For the sake of tidying up some loose ends and pushing the envelope on what you can do in terms of building and loading your own modules, we're going to use one more lesson to cover the mechanics of compiling your own modules and show how that ties into the kernel source tree, your git checkout and how to tweak the kernel source itself (a topic we'll cover in far more detail in a later lesson).

For the rest of this lesson, we'll assume that you've covered all earlier lessons and that they worked for you. If you haven't (or they didn't), now is a good time to go back and work through it all until you get back here.

Oh, and this lesson could be fairly lengthy so make yourself comfortable.

What your working environment should look like so far

In order to work through the rest of this lesson, let's summarize what you should have on your system, to make sure we're all working with the same content.

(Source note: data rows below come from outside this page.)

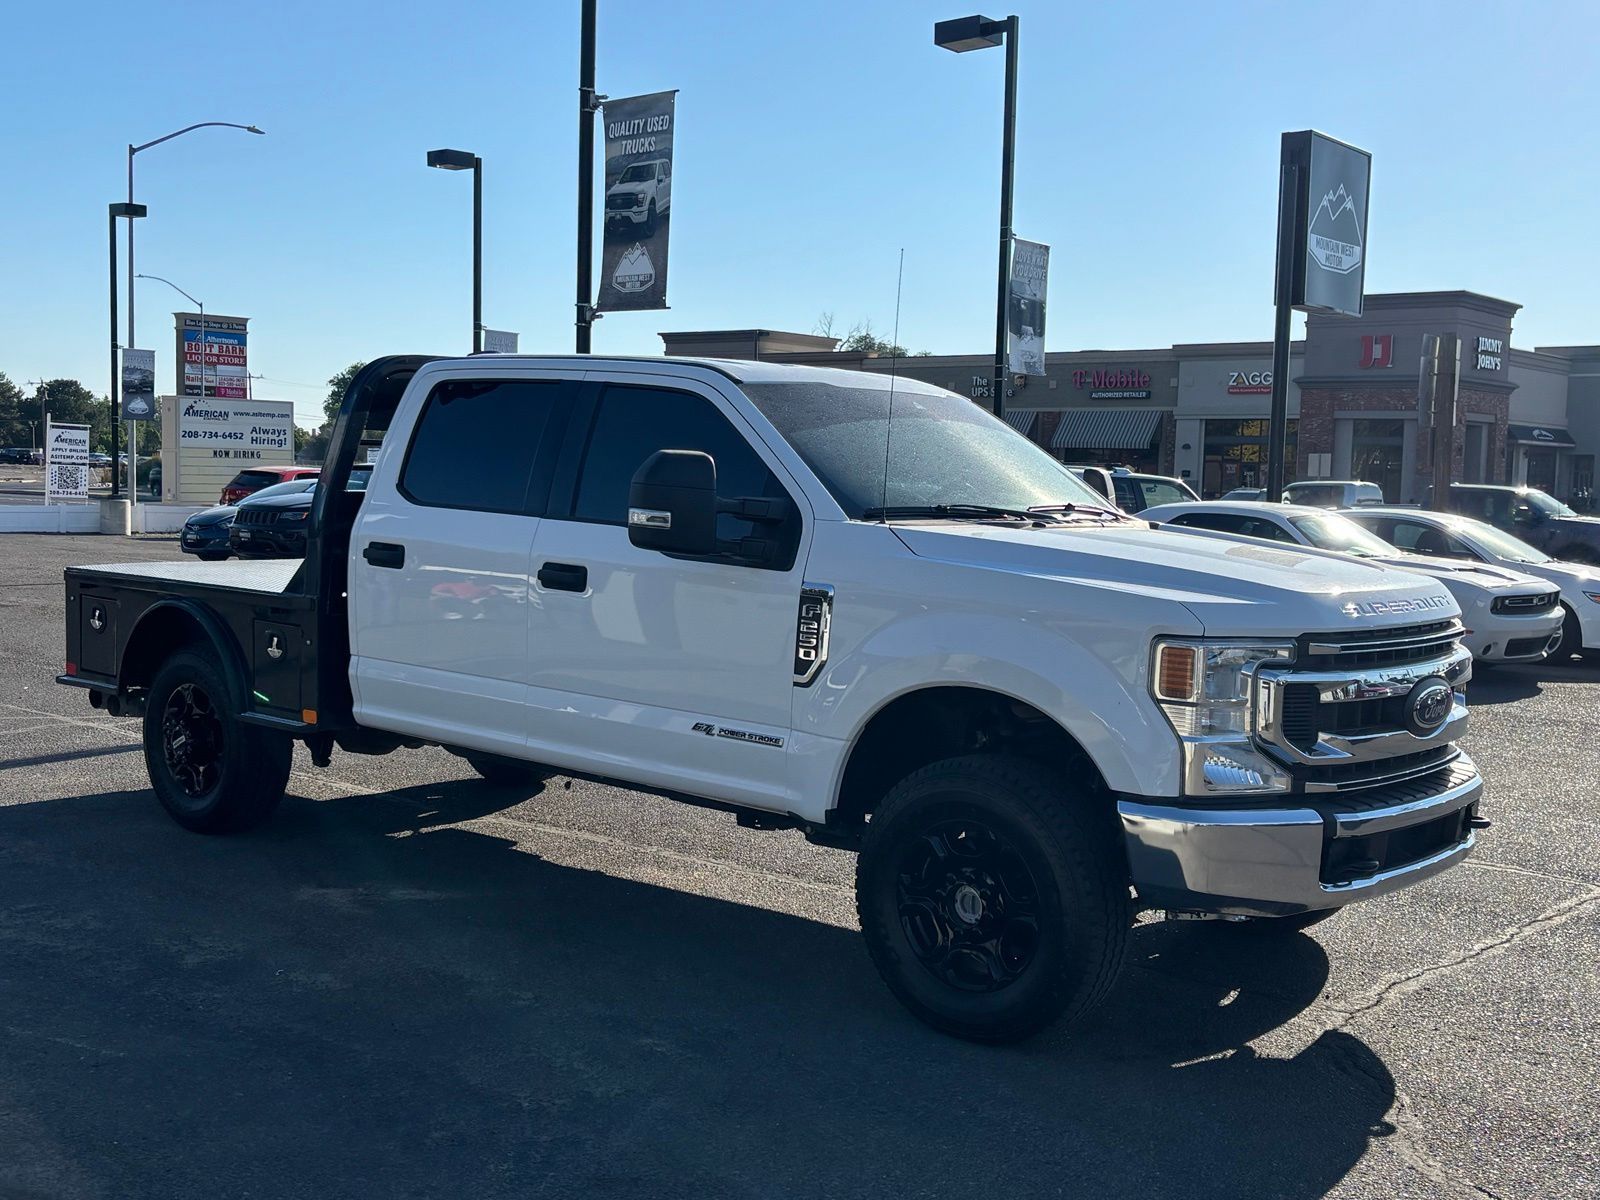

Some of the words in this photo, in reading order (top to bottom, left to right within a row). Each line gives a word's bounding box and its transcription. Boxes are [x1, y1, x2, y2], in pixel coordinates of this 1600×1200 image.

[609, 119, 645, 139] QUALITY
[647, 115, 669, 133] USED
[622, 137, 656, 155] TRUCKS
[1325, 253, 1342, 267] MOTOR
[218, 344, 245, 355] BARN
[1478, 336, 1503, 354] JIMMY
[219, 356, 245, 365] STORE
[1477, 353, 1502, 370] JOHN'S
[972, 376, 988, 386] The
[1229, 371, 1272, 386] ZAGG
[971, 387, 989, 397] UPS
[183, 406, 230, 419] AMERICAN
[233, 411, 290, 419] www.asitemp.com
[181, 430, 244, 440] 208-734-6452
[250, 426, 287, 438] Always
[54, 435, 87, 445] AMERICAN
[250, 436, 287, 448] Hiring!
[213, 449, 230, 459] NOW
[233, 450, 261, 459] HIRING
[718, 728, 747, 740] POWER
[747, 732, 782, 746] STROKE

First, all of these examples are being run on a fully-updated, 64-bit Ubuntu 10.04 system, but you're welcome to use some other Linux distro as long as you're prepared to translate things like the package names appropriately.

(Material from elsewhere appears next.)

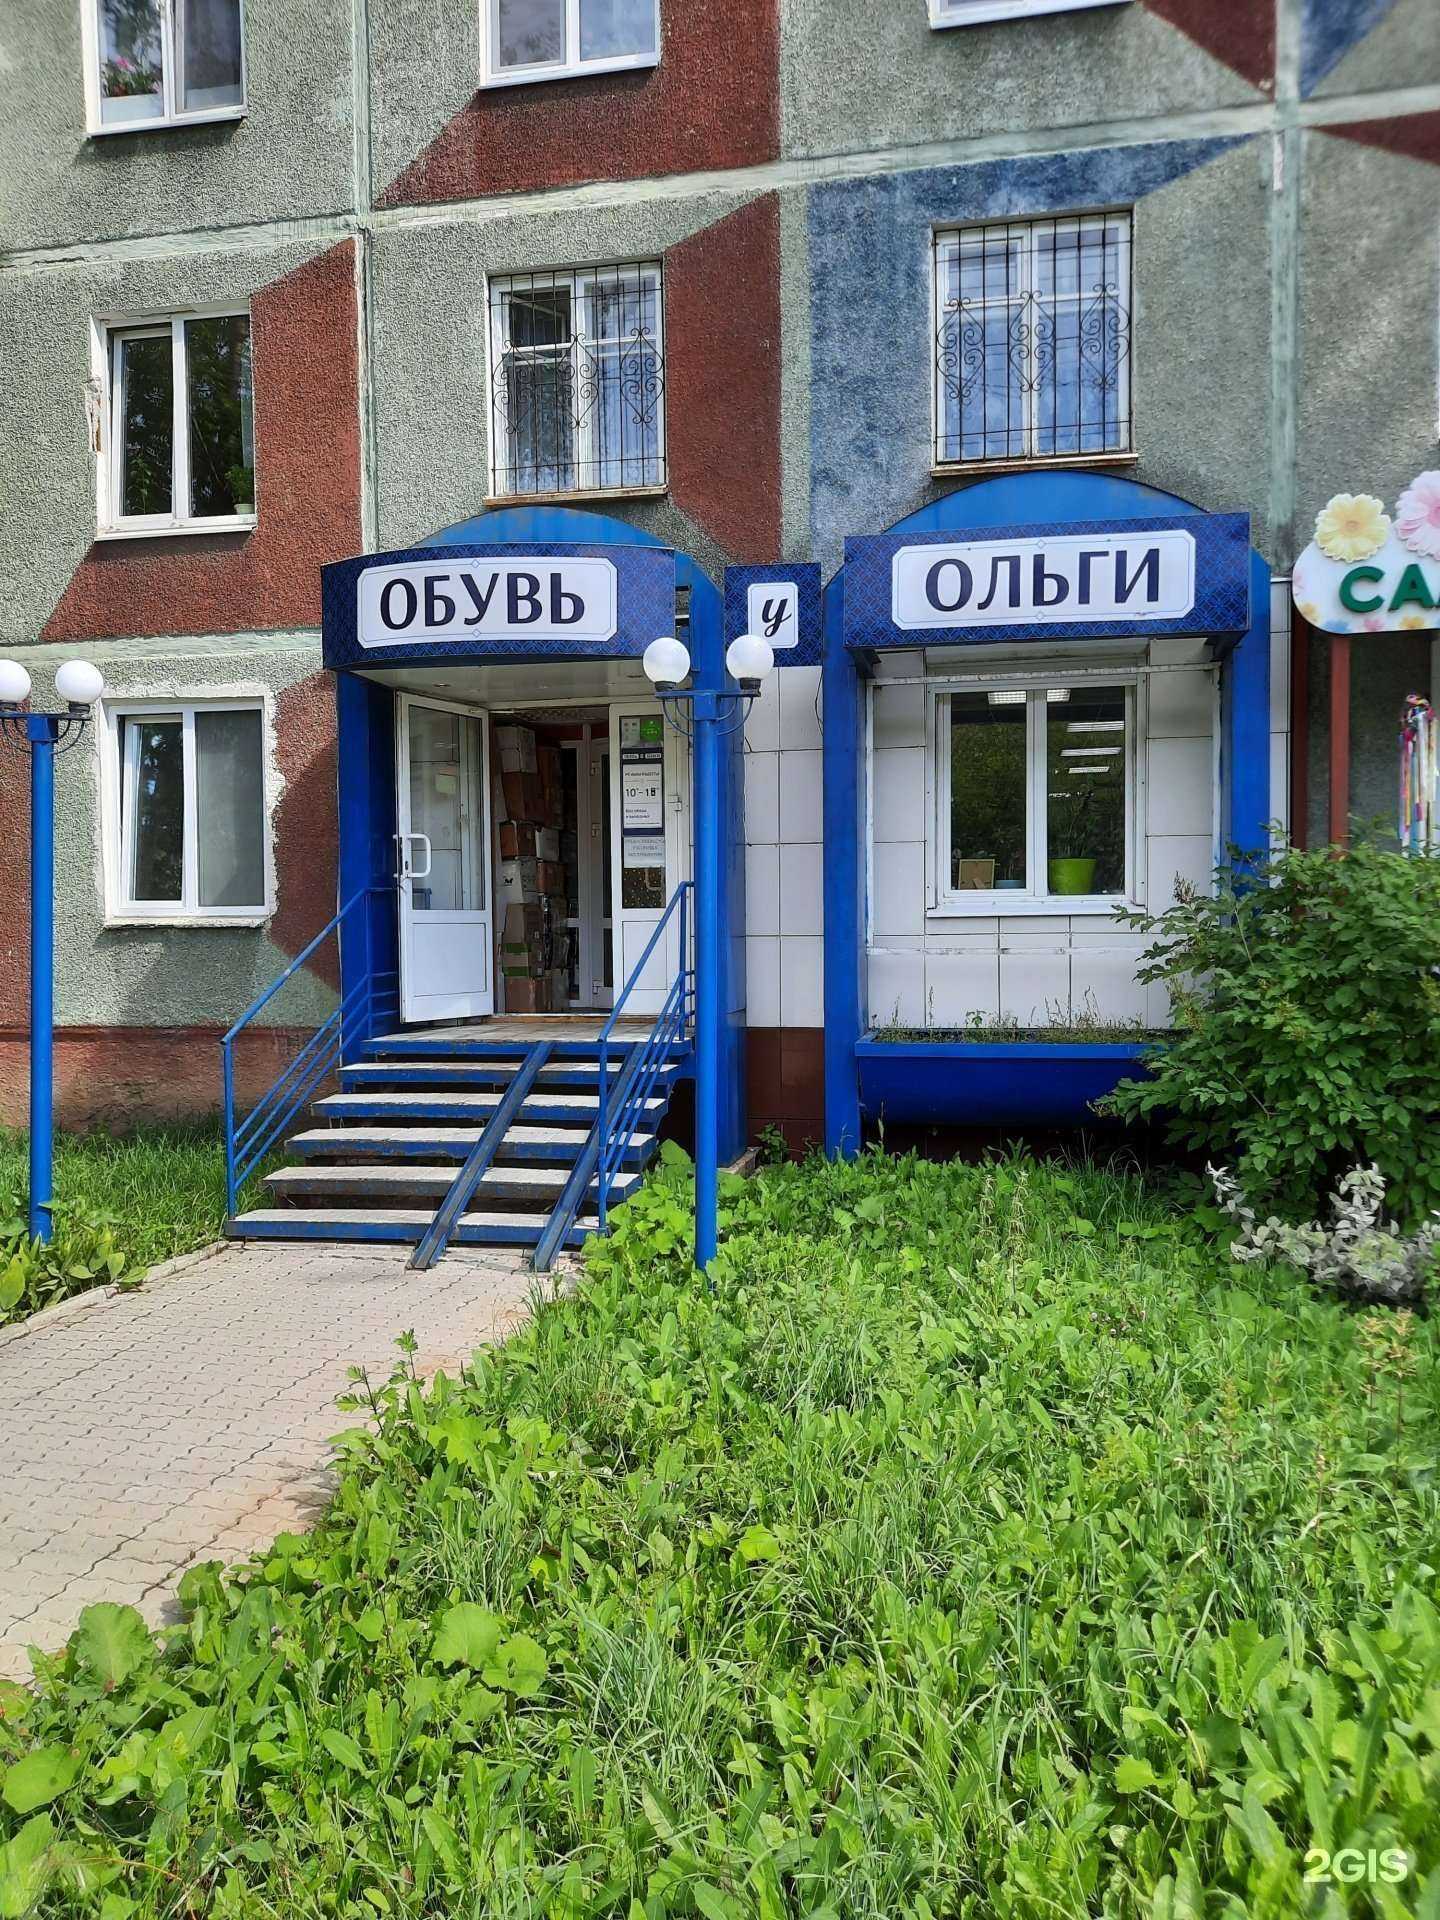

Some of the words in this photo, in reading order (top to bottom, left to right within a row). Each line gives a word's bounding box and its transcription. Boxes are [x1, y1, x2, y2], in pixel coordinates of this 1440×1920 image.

[380, 572, 585, 631] ОБУВЬ
[925, 548, 1160, 612] ОЛЬГИ
[1339, 563, 1440, 613] СА

To build your module against the kernel tree for the current kernel, you should have installed the corresponding kernel headers package for that kernel.

In addition, to allow us to play out on the cutting edge of kernel development, you should also have used git to clone the main kernel source somewhere under your home directory, and keep it up to date with the occasional git pull command being run from the top of that source tree.

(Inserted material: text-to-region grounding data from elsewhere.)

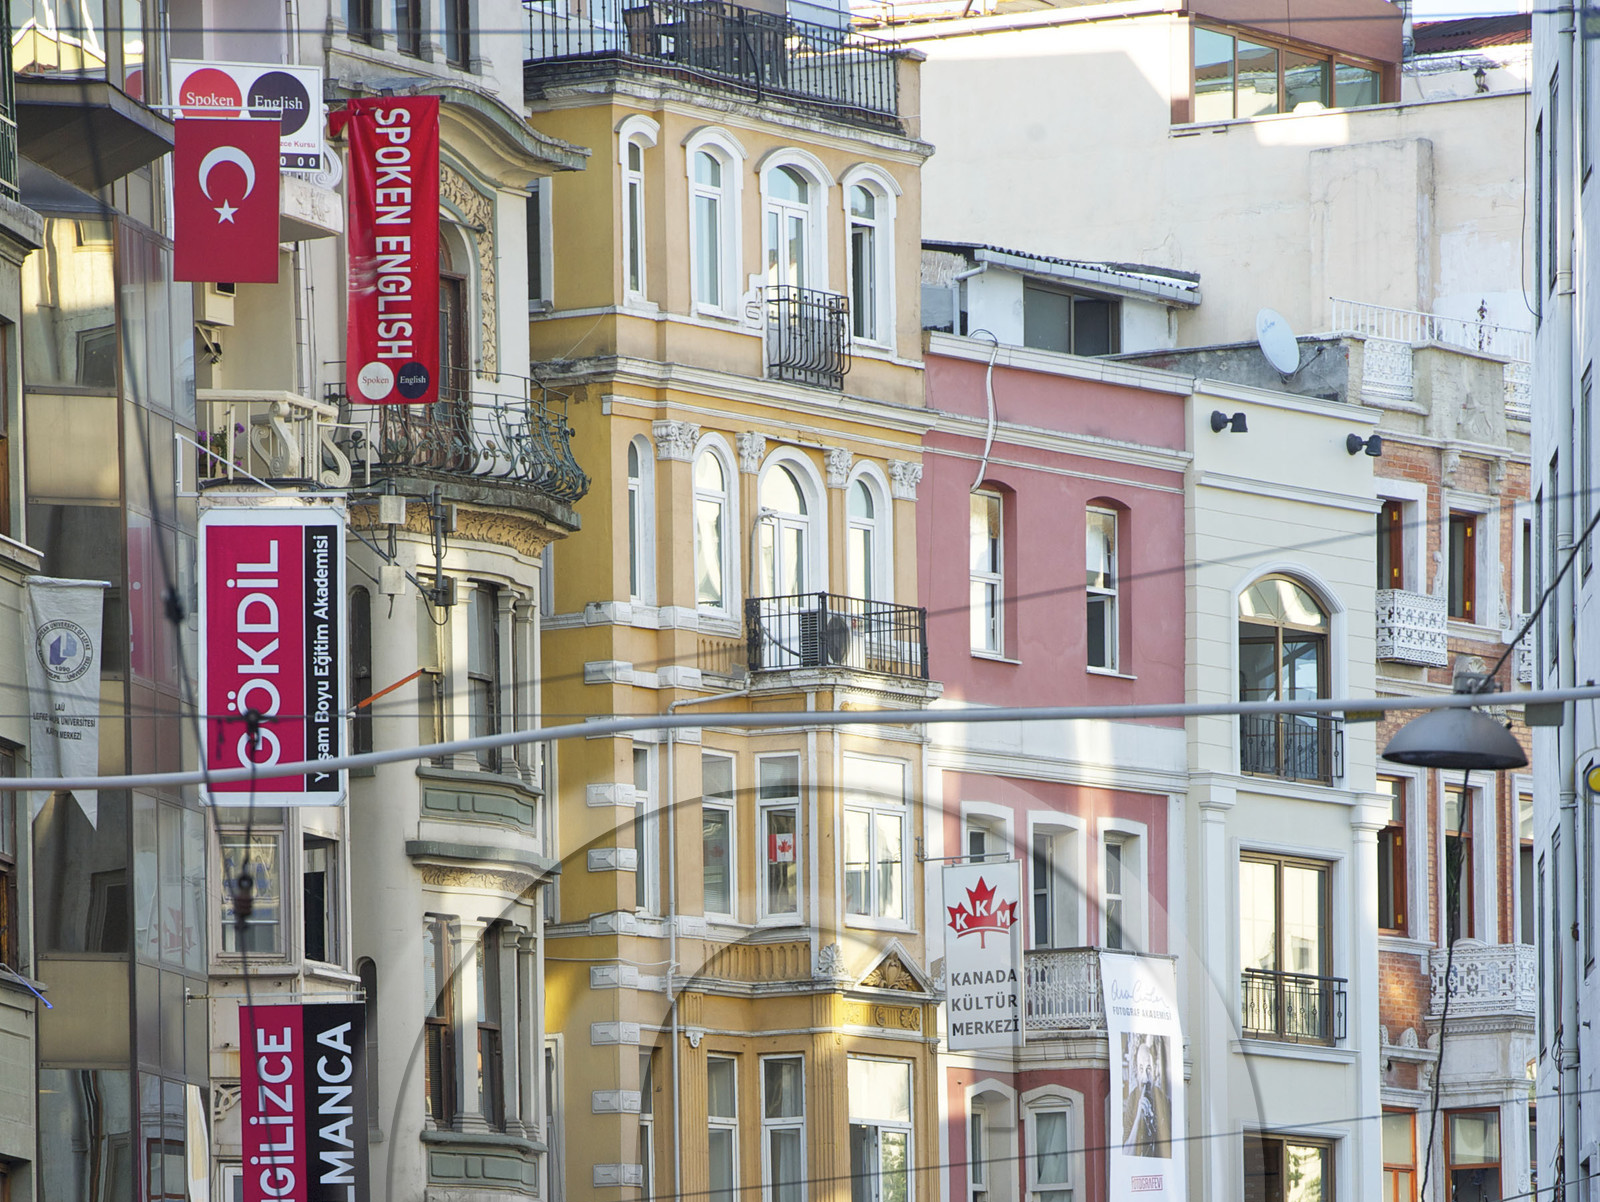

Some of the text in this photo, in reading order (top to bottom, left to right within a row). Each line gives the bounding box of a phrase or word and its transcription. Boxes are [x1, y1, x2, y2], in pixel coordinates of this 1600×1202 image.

[186, 91, 304, 110] Spoken English
[293, 140, 316, 148] Kursu
[374, 107, 413, 359] SPOKEN ENGLISH
[362, 375, 427, 387] Spoken English
[226, 539, 281, 770] GÖKDİL
[312, 535, 333, 783] Yşam Boyu Eğitim Akademisi
[952, 969, 1017, 987] KANADA
[952, 992, 1018, 1012] KÜLTÜR
[952, 1015, 1020, 1037] MERKEZİ

Next, you should have the standard development packages on your system. And if you managed to compile and load your sample module in an earlier lesson, it's a safe bet you have everything you need for the rest of this lesson.

And, finally, for consistency, you should be running the stock, default kernel for your Ubuntu (or other) system, not any custom kernel you might have built. So if necessary, reboot your system to ensure you're running the 2.6.32-22-generic and we'll take it from there.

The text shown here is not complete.